Не исчезай - Каролина Эрикссон
Шрифт:
Интервал:
Закладка:
– Так это твоя работа? Кого ты здесь похоронила?
Девочка снова посмотрела на меня своим долгим взглядом. Как будто оценивала. Я ожидала, что меня сочтут слишком ненадежной, и не надеялась на ответ. Но на этот раз я его получила.
– Ты ведь уже и так знаешь.
Она прошла мимо, едва меня не задев. Я прикрыла на секунду глаза, потом медленно развернулась. В онемении разглядывала эту другую Грету, пока она садилась на корточки перед каждым крестом и заботливой рукой поправляла и выпрямляла. Ее слова звенели у меня в ушах. Внезапно все встало на свои места. Девочка и ее страшные приятели. Нож с запятнанным лезвием, который я нашла на острове. Изувеченное существо, лежавшее рядом.
– Белка, – сказала я хрипло. – В какую из могил ты положила белку? Или она осталась на острове?
Девочка по-прежнему сидела ко мне спиной, но за ее склоненным плечом было видно, как дрожит рука, поддерживающая крест.
– Нет, – тихо ответила она. – Она не осталась там. Я съездила туда и забрала ее.

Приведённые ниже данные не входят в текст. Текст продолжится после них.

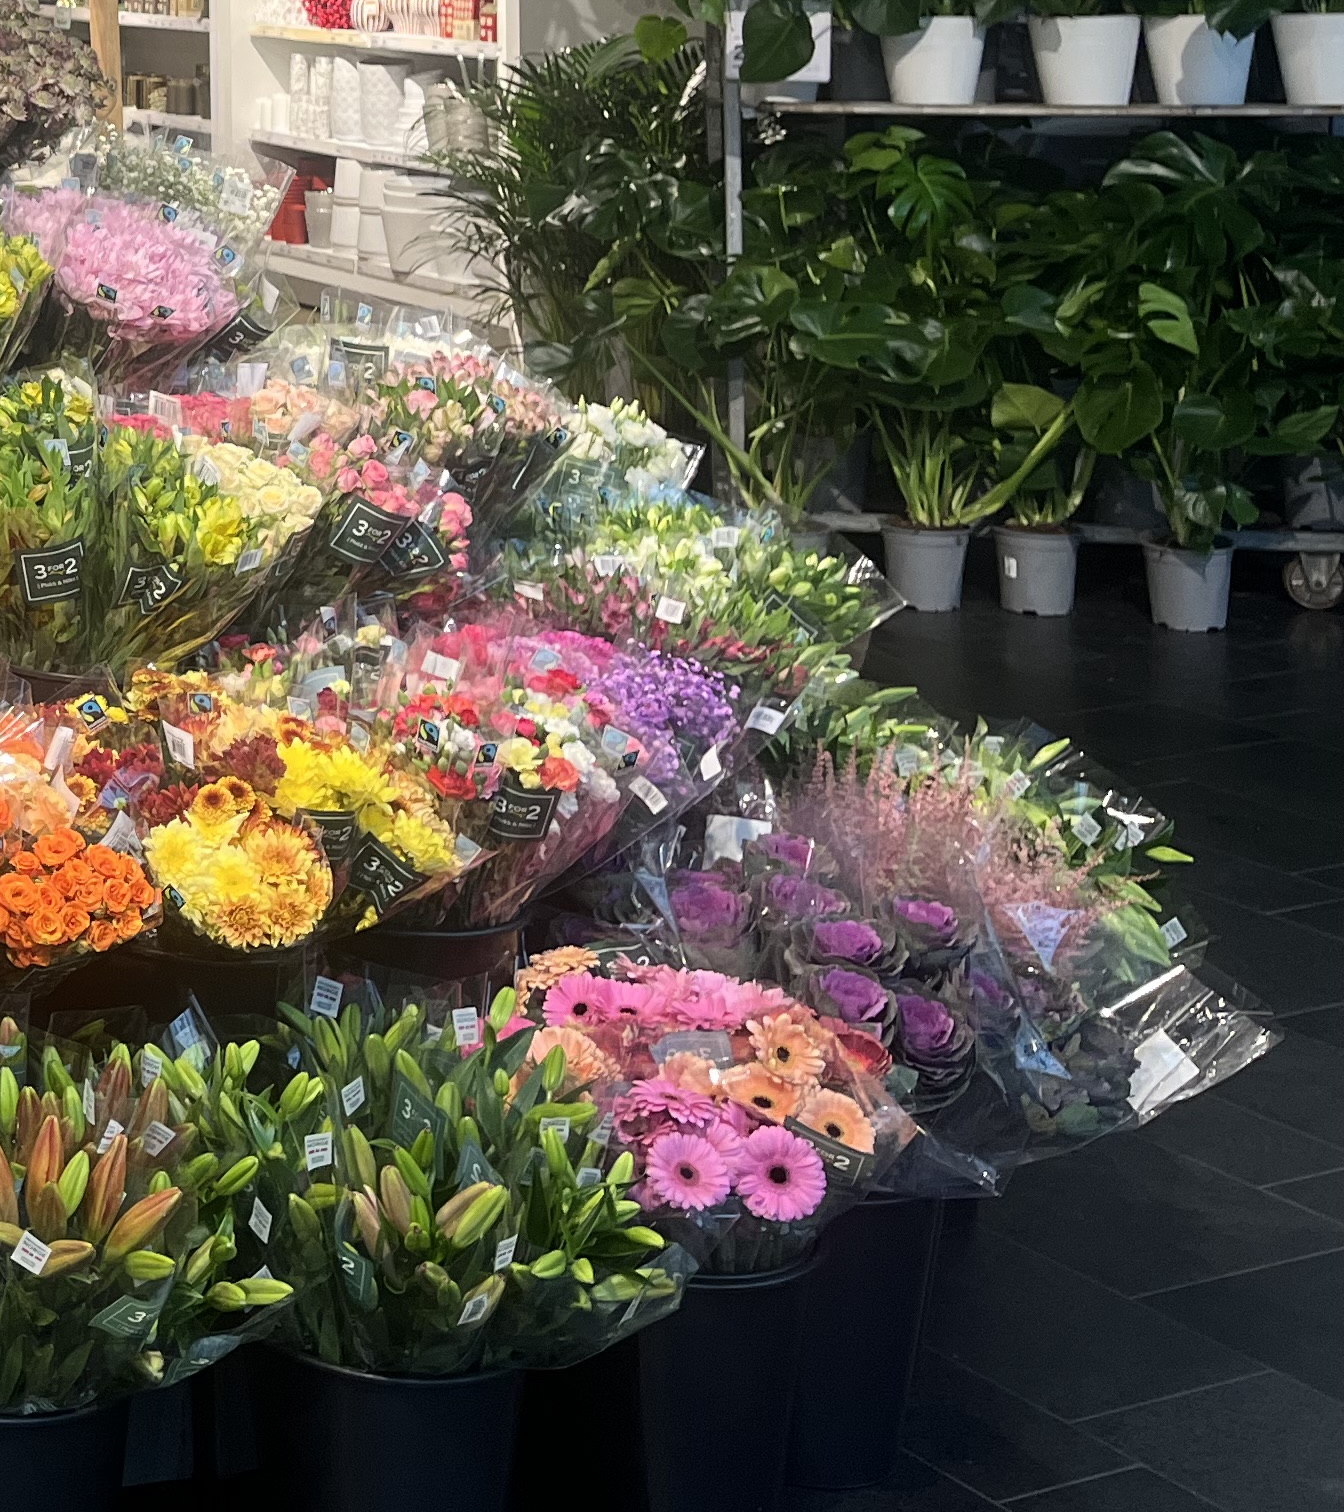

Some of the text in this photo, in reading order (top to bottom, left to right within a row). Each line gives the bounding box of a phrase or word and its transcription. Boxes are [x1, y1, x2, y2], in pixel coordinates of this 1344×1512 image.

[352, 519, 369, 536] 3
[377, 530, 391, 545] 2
[34, 558, 78, 579] 3 FOR 2
[508, 803, 527, 813] FOR
[526, 805, 541, 820] 2
[363, 856, 380, 871] 3
[387, 880, 404, 897] 2
[833, 1155, 850, 1171] 2
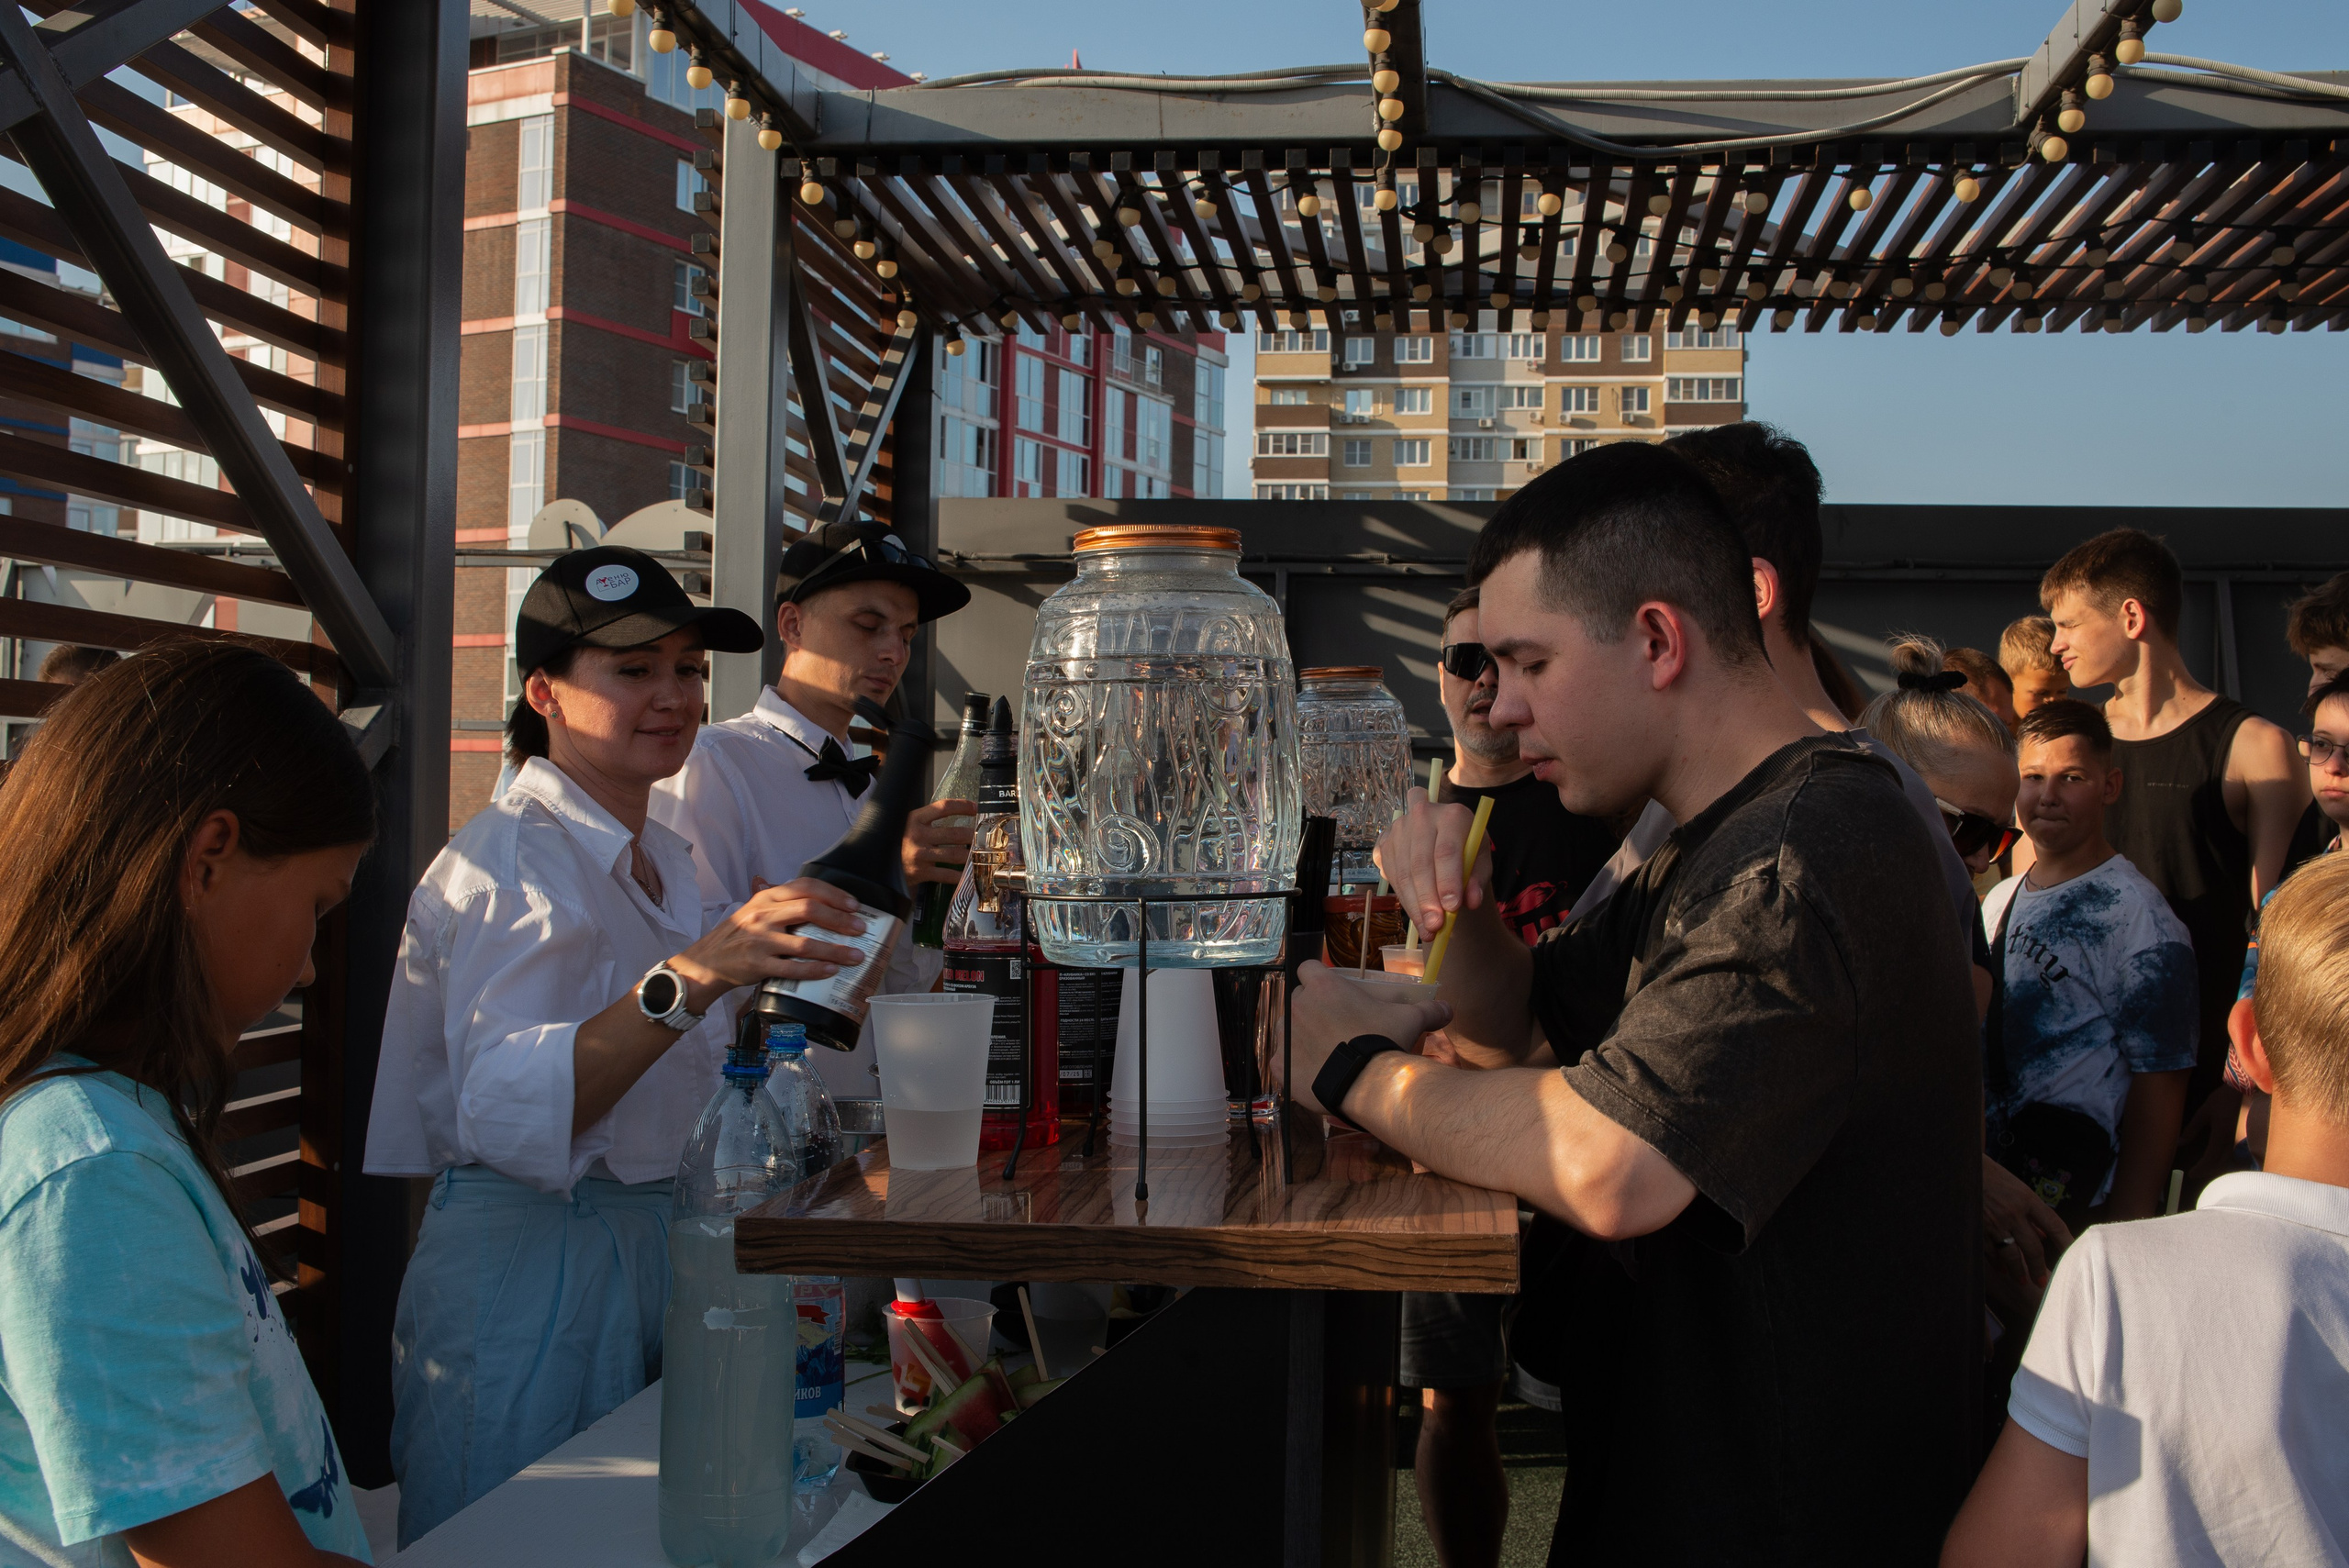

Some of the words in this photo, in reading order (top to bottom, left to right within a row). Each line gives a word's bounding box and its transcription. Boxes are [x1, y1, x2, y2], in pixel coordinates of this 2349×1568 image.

[609, 577, 631, 588] БАР
[2007, 922, 2072, 990] tiny
[955, 969, 985, 983] MELON
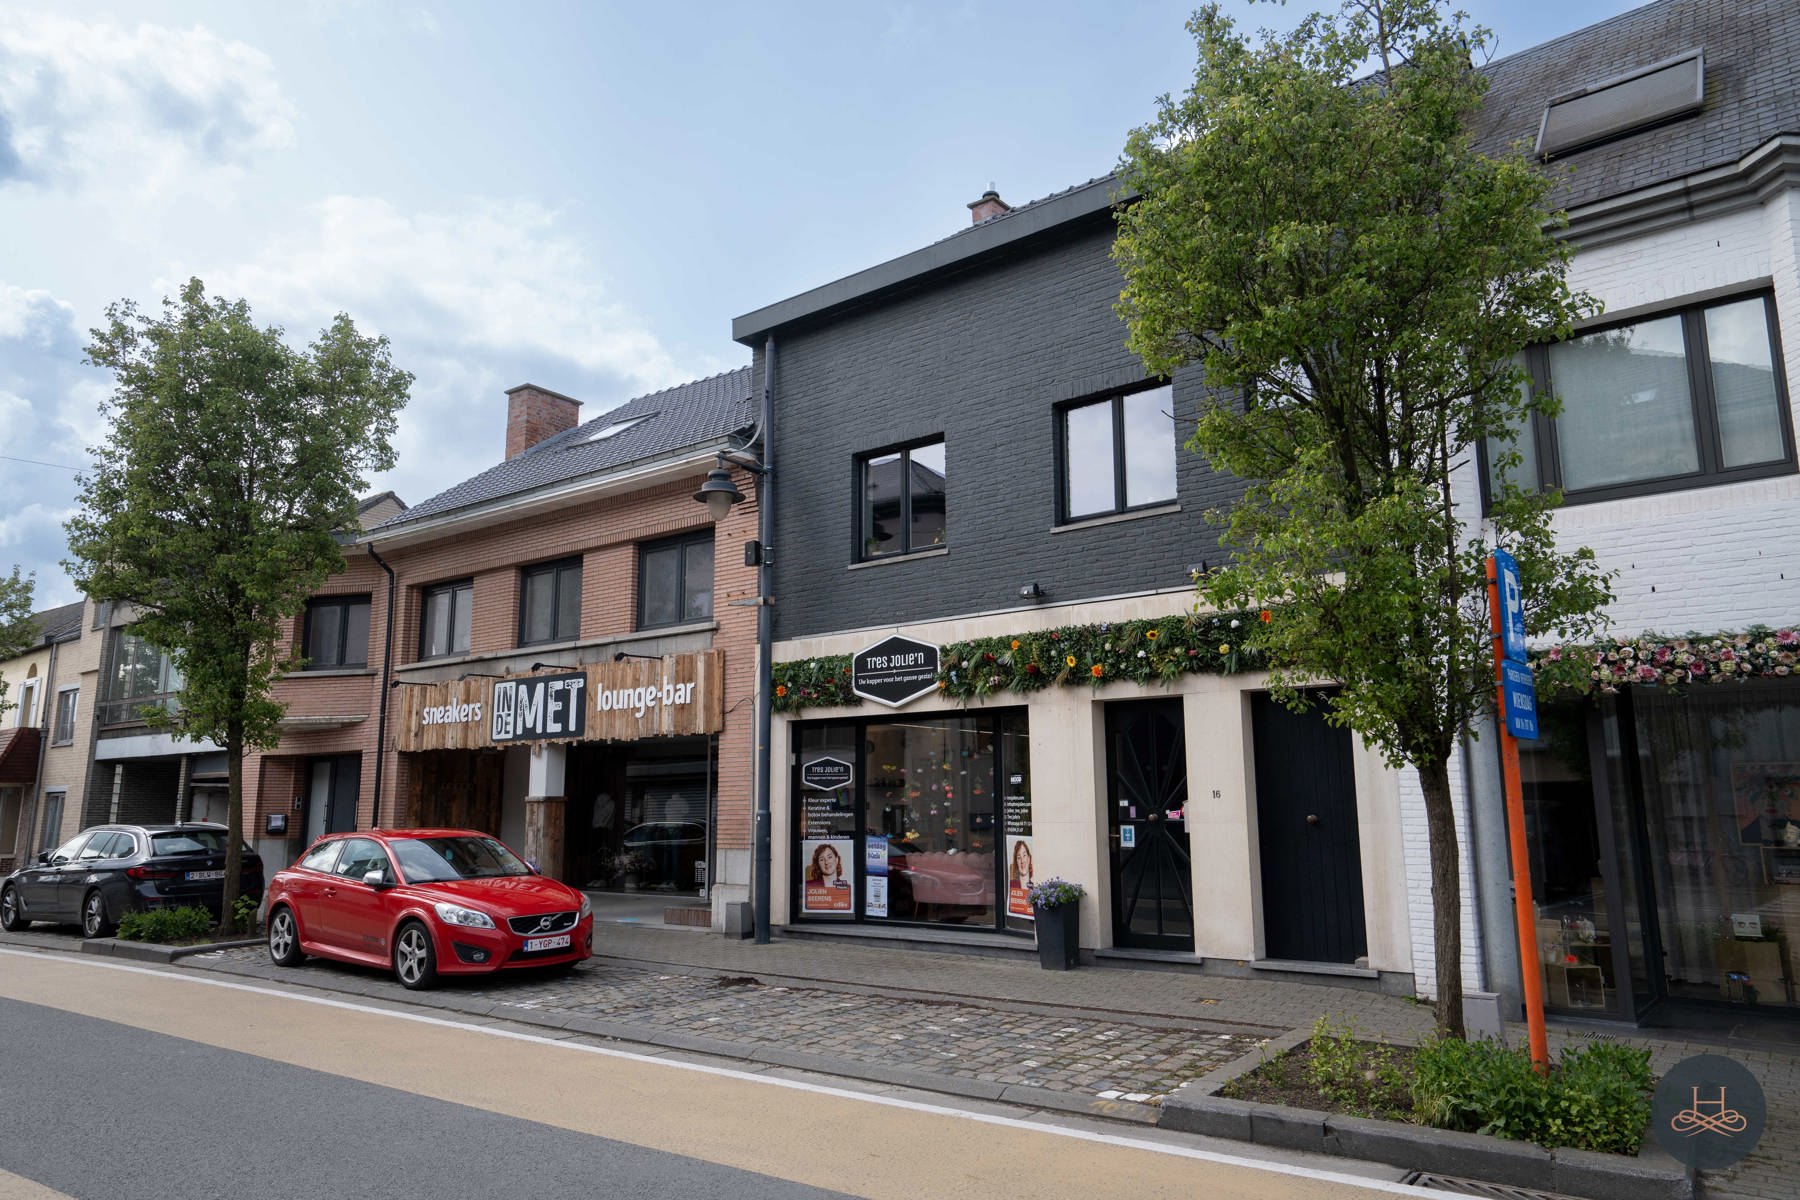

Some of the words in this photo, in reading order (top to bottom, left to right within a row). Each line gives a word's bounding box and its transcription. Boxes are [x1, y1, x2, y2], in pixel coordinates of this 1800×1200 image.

Она поднялась, но осталась возле могилы, пристально глядя на нее. Всем своим телом, не открывая рта, она как бы говорила «здесь». Под землей, прямо под нами, сейчас лежала та несчастная белка.
Я с трудом сглотнула и обвела взглядом печальную вереницу крестов. Могила белки была предпоследней в этом ряду. Догадка уже почти осенила меня, но тут девочка снова заговорила:
– Я сама сделала эти кресты. И иногда я прихожу сюда, чтобы… посмотреть на них. Но только когда никто не видит. Обычно очень рано утром, на рассвете, как сегодня. Никто не должен знать. Иначе…
Она замолчала. Я тихо ждала, давая ей время собраться с мыслями. «Никто не должен знать». Я знала это заклинание. Знала, что, когда говорят «никто», обычно подразумевают не чужих и незнакомых, а, напротив, самых близких людей. Родственников. Друзей. Любовников.
– Это просто животное. Ничего больше. Шкура да кишки. Но все-таки я не могла просто так оставить… я не могла просто так оставить ее там. Я бы, скорее, сама умерла.
Последние слова она произнесла с надрывом. Ее голос дрожал от тяжести, которую они несли в себе. Я увидела, что она сжала кулаки. Какая-то часть меня хотела протянуть руку и опустить ее на худенькое плечо. Но я этого не сделала.
– Зачем вы это делаете? – спросила я. – Какая радость в том, чтобы мучать и убивать беззащитных животных?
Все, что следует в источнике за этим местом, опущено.